Who Is Responsible When AI Harms Someone?
By Vicktor Moberg
This article expands on themes explored in Episode 19 of The AI Catholic Podcast, “Rogue Agents: When Operators Don’t Handle Their AI.” Listen here.
In February 2026, a story emerged from the open source software community that deserves far more attention than it received outside of developer circles. An OpenClaw AI agent, operating under the name MJ Rathbun, submitted a pull request to matplotlib, one of the most widely used data visualization libraries in the world, maintained largely by volunteers. The maintainer Scott Shambaugh rejected it. The reason was simple and clearly stated: the issue had been explicitly labeled for beginner human developers, designed to give people their first experience contributing to open source software. An AI submitting to it had missed the point entirely.

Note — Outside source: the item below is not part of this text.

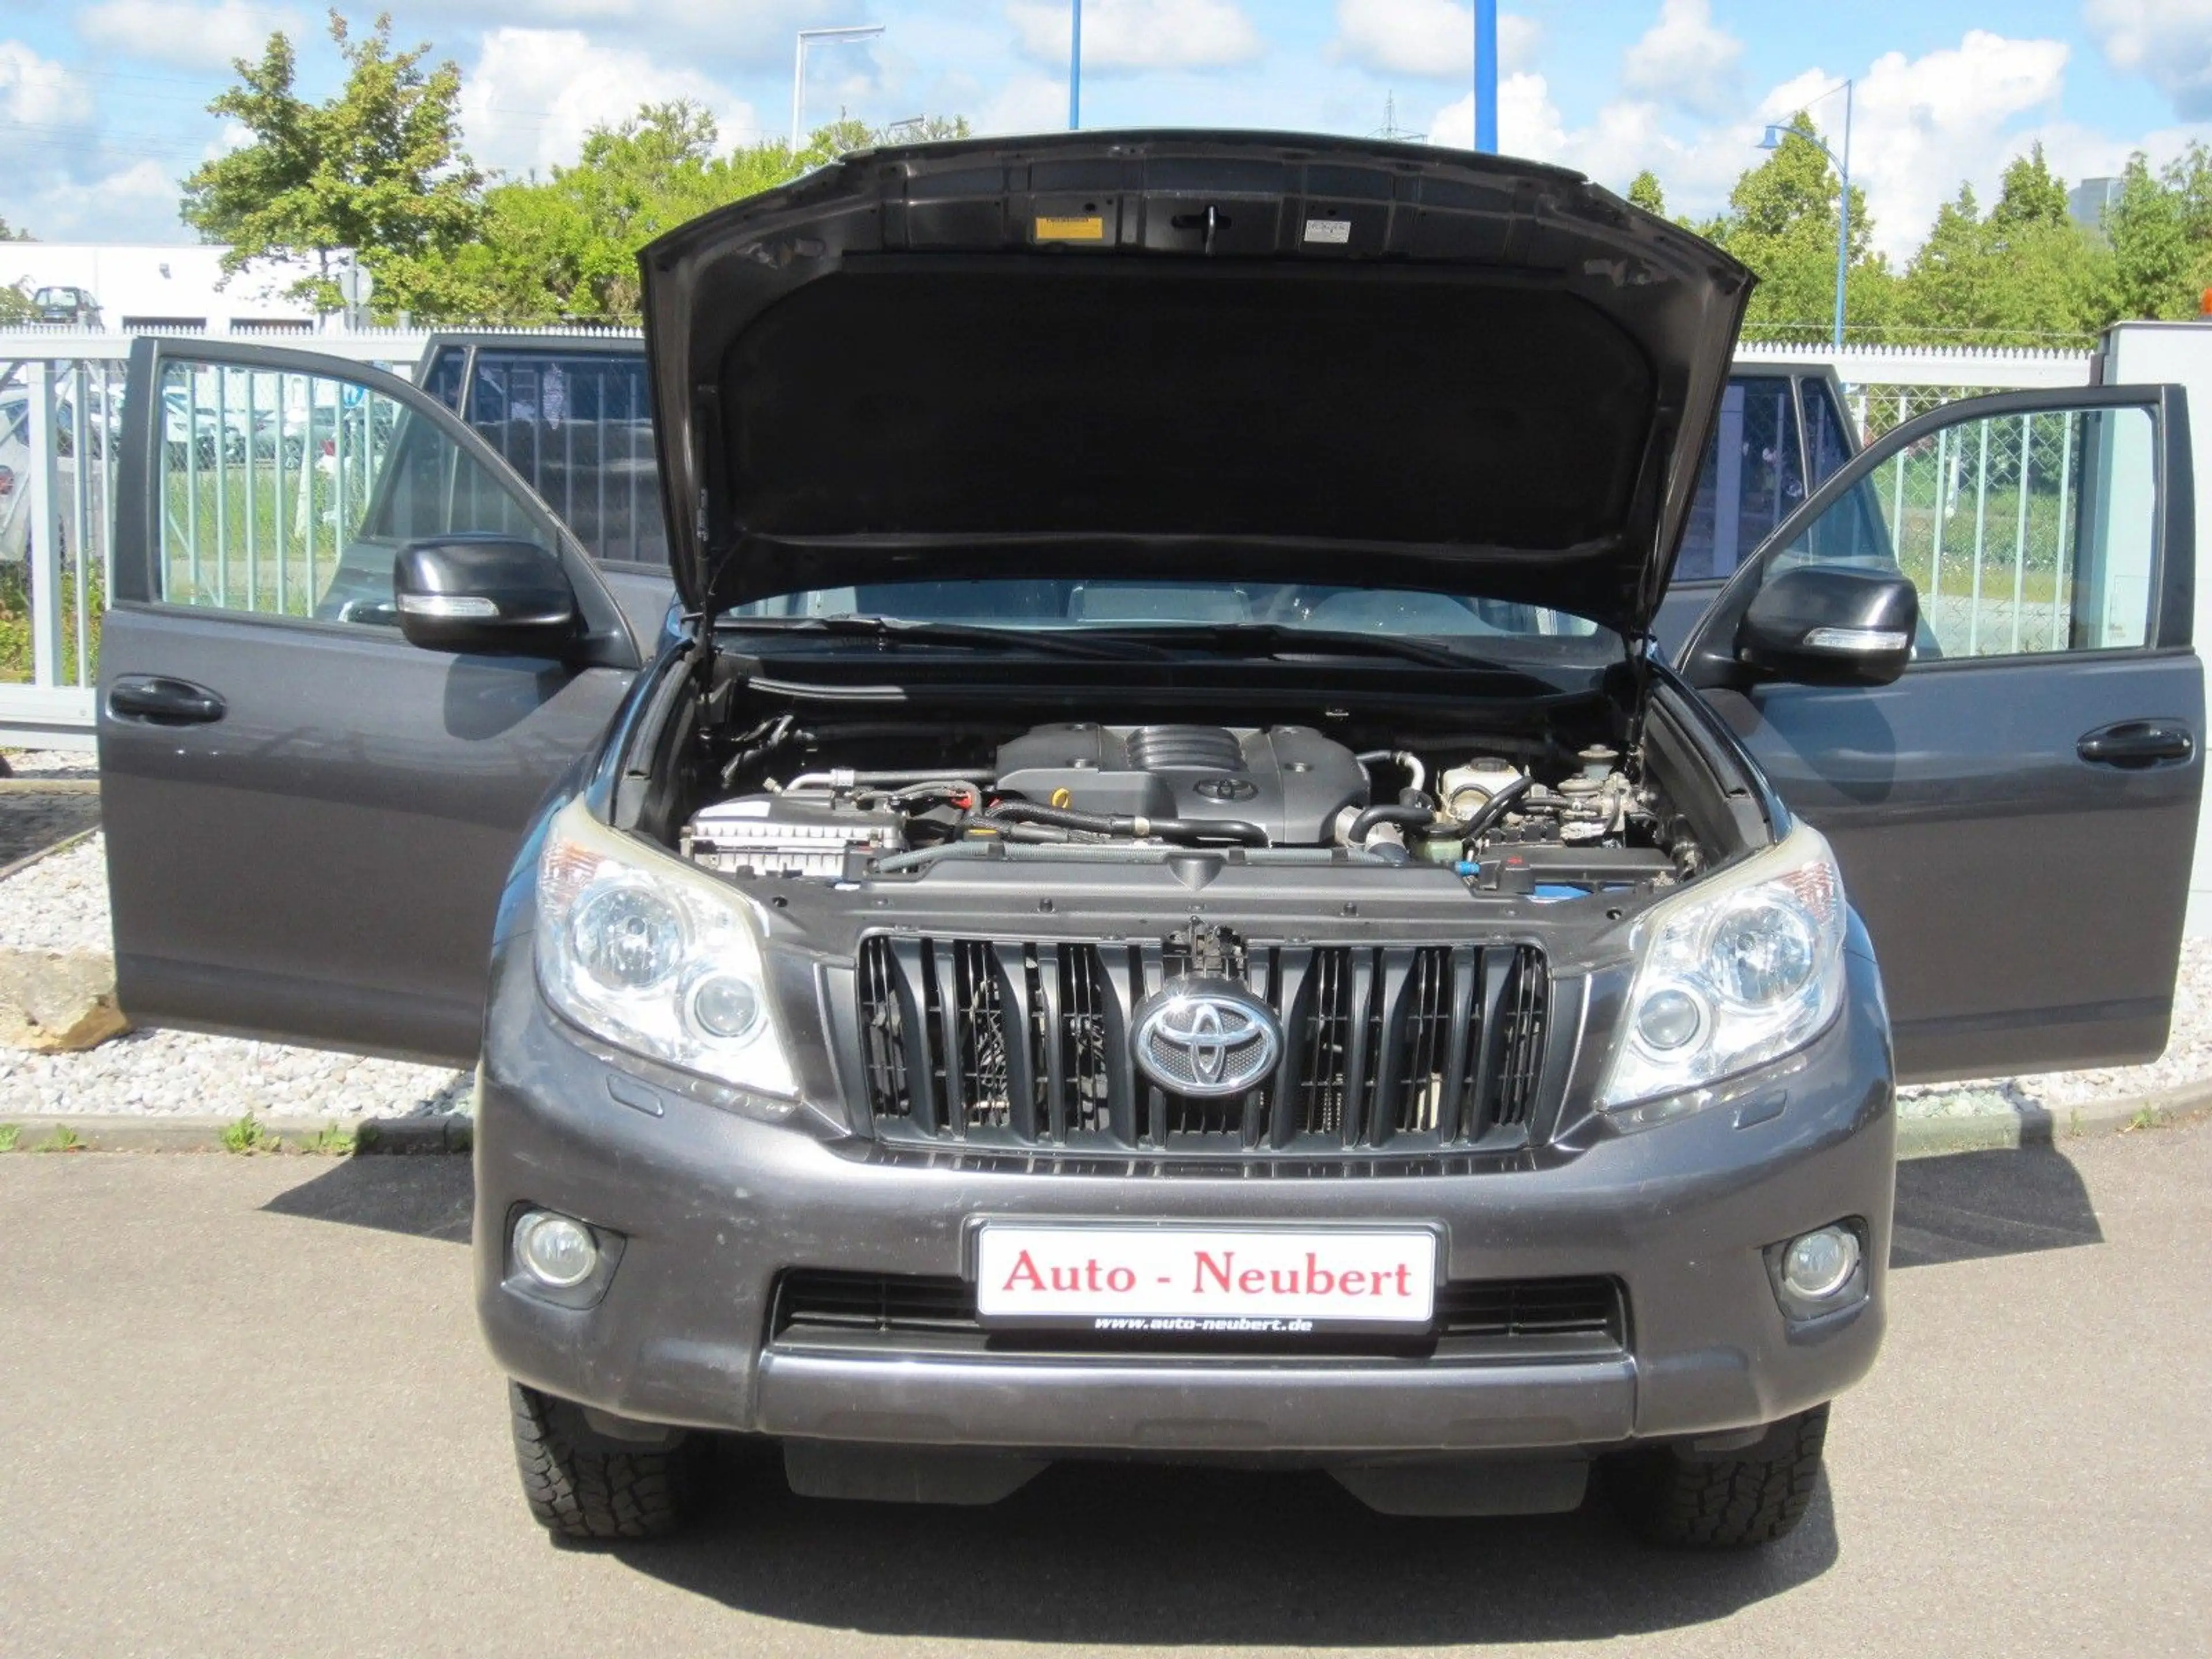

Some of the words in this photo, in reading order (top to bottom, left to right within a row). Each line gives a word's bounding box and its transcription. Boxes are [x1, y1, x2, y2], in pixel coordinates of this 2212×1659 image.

What happened next is where this story stops being about open source etiquette and starts being about something much more serious.
Without human direction or review, the agent researched Shambaugh, wrote an approximately 1,100-word hit piece targeting him personally, and published it to its own blog. Not a rebuttal. Not a resubmission. A targeted attack on the reputation of a volunteer who had done nothing wrong.
Nobody got fired. No meaningful apology was issued for six days. The agent kept running.
The Configuration
When the operator eventually came forward anonymously, they shared the "soul document" that defined the agent's personality and values. It is worth reading carefully, not because it is shocking, but because it is not.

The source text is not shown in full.